To make matters worse, research that repeats earlier experiments isn’t easy to publish, as it’s not attractive. In addition, it’s most difficult to publish research that didn’t manage to repeat a sensational finding.
And here we arrive at a third problem: money. Scientists work mostly for money. To conduct research, to pay employees and students, even to publish their discoveries. But to get it, it’s best to do something spectacular; to impress not only specialists, but also laypeople, who often are the ones who control the money. That’s why there’s strong pressure to inflate the significance of your research; to colour it, present it beautifully, promise the media new drugs, vaccines, breakthrough discoveries; to overturn old theories. And all of this in good faith, because what scientist doesn’t believe in their work?
We’ve developed a culture of exceptionally aggressive competition. It’s precisely this culture that is largely responsible for the current crisis. Many Nobel laureates, such as Sydney Brenner, say they wouldn’t have been able to make their discoveries if they’d had to operate in the current scientific culture.
Considering all this, does faith in science still make sense?
Science has one important attribute that distinguishes it from other areas of our lives: it requires meticulous and publicly available documentation of each study, each experiment, each clinical test. In scientific work, it’s not enough to write that a dead salmon that’s shown a picture of a crying person displays mental activity. You have to describe the details precisely – how the experiment was done, how the data were processed, using what programme, within which parameters, what exactly the results were. Thus if somebody doesn’t believe in mental activity in dead fish, they can repeat the experiment.
It’s because of the scientific method that replication is possible at all, and it’s also the reason why the replication crisis was even noticed. Scientists themselves raised the alarm on the issue and proposed a series of solutions.
First of all, money must be found for scientists who want to repeat published experiments. Second, scientists must take a more serious approach to statistical calculations.
The most difficult thing will be to deal with the culture of competition that promotes sensational reports. For example, recently it made headlines that psychopaths prefer certain pieces of music (apparently what they like best is Blackstreet’s “No Diggity”). That’s how it was presented on many Polish news portals; some suggested that in general, listening to rap and heavy metal indicates psychopathic tendencies.
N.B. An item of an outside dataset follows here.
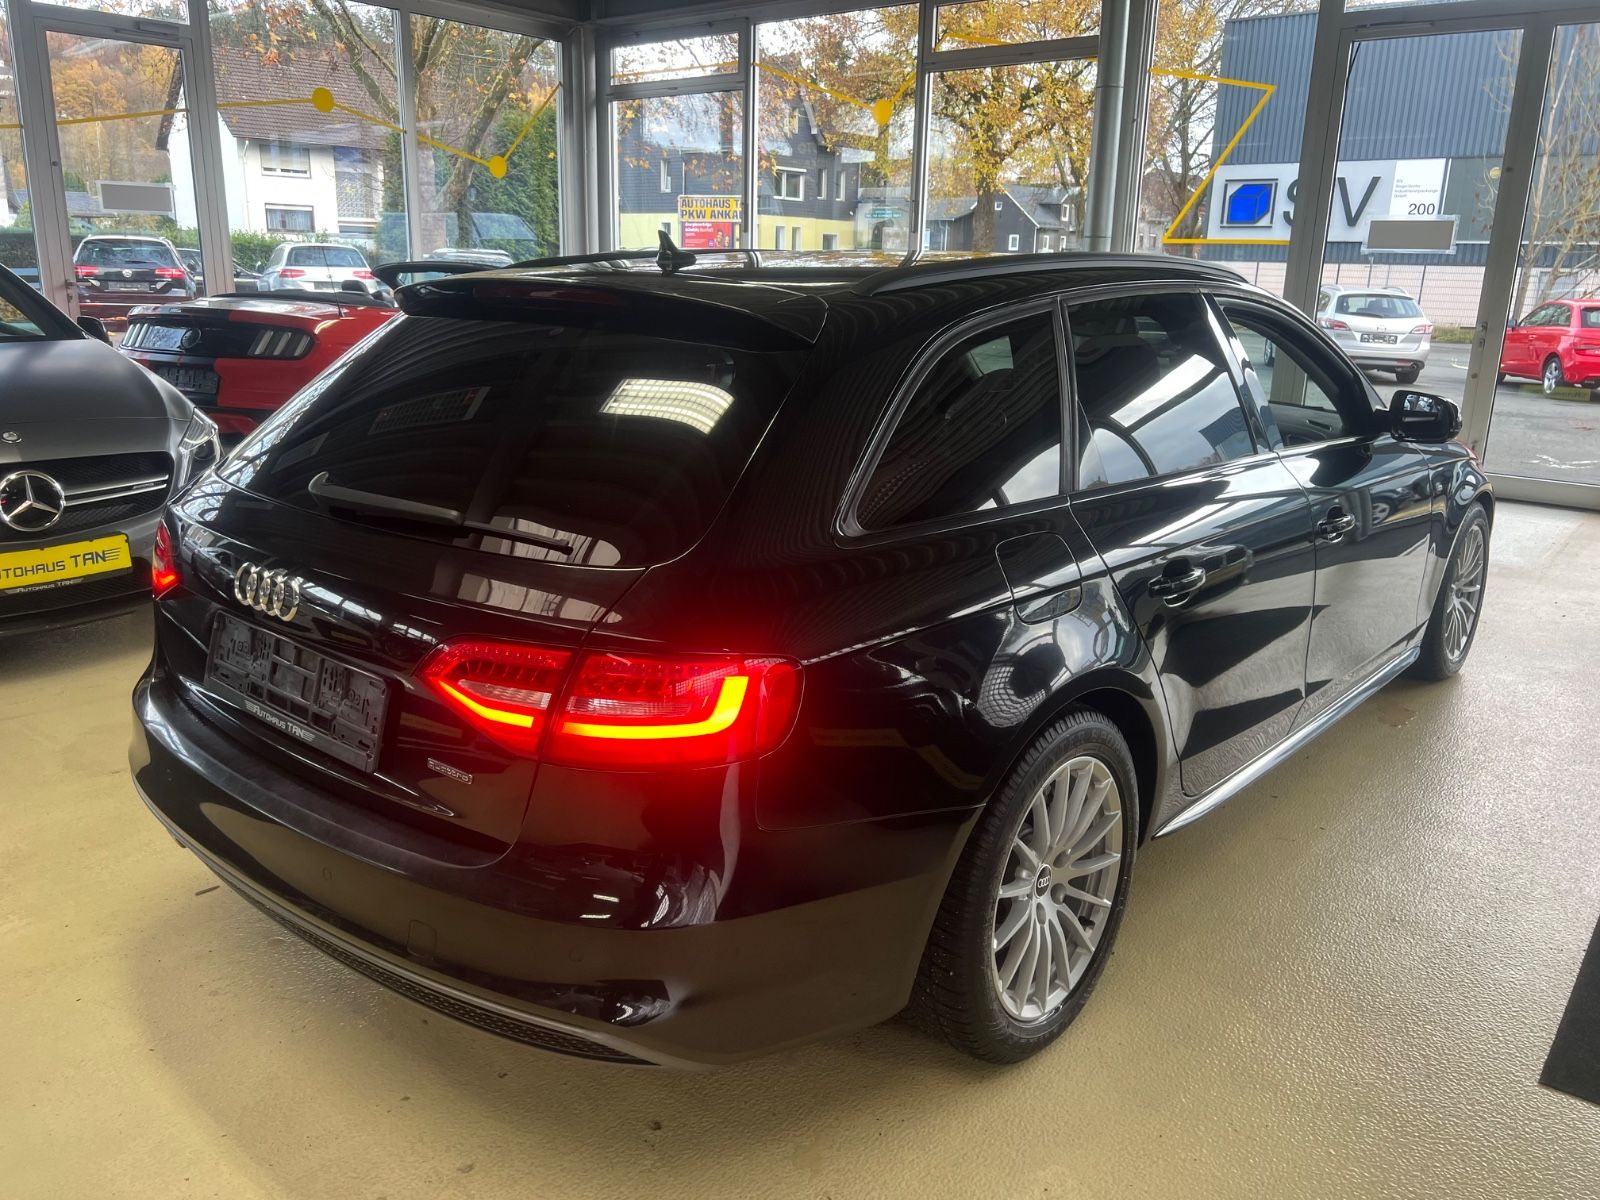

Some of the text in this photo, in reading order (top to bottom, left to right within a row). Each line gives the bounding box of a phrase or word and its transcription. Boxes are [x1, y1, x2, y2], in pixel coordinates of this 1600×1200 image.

Yet if the author of a press report is honest, they will give the source of the information and the name of the researcher. And in checking the sources, we learn that yes, there was such a study – it was conducted by Pascal Wallisch of New York University – but no diagnosed psychopaths took part. What’s more, the research still hasn’t been published anywhere, so it’s hard to say how it was conducted and to what degree we can trust it.
In fact, the author of the study himself warns against hasty interpretations of the results, stressing that he’s not 100% certain of them, and that before publication in a scientific journal, they will be repeated on a larger, more representative group.
So what can we do – we, the readers of popular scientific articles, constantly bombarded by reports of a new drug or about how drinking tea (e.g. hake tea) causes (or prevents) cancer (or high blood pressure)? How we can inoculate ourselves against scientific sensationalism is a subject for another, longer article. For now, let’s recall that in science every statement has a publicly available source, which you can check. In science nothing is taken on faith, so first of all, let’s be sceptical toward articles that don’t contain references. Because it may turn out that the source is a dead salmon in a fMRI machine.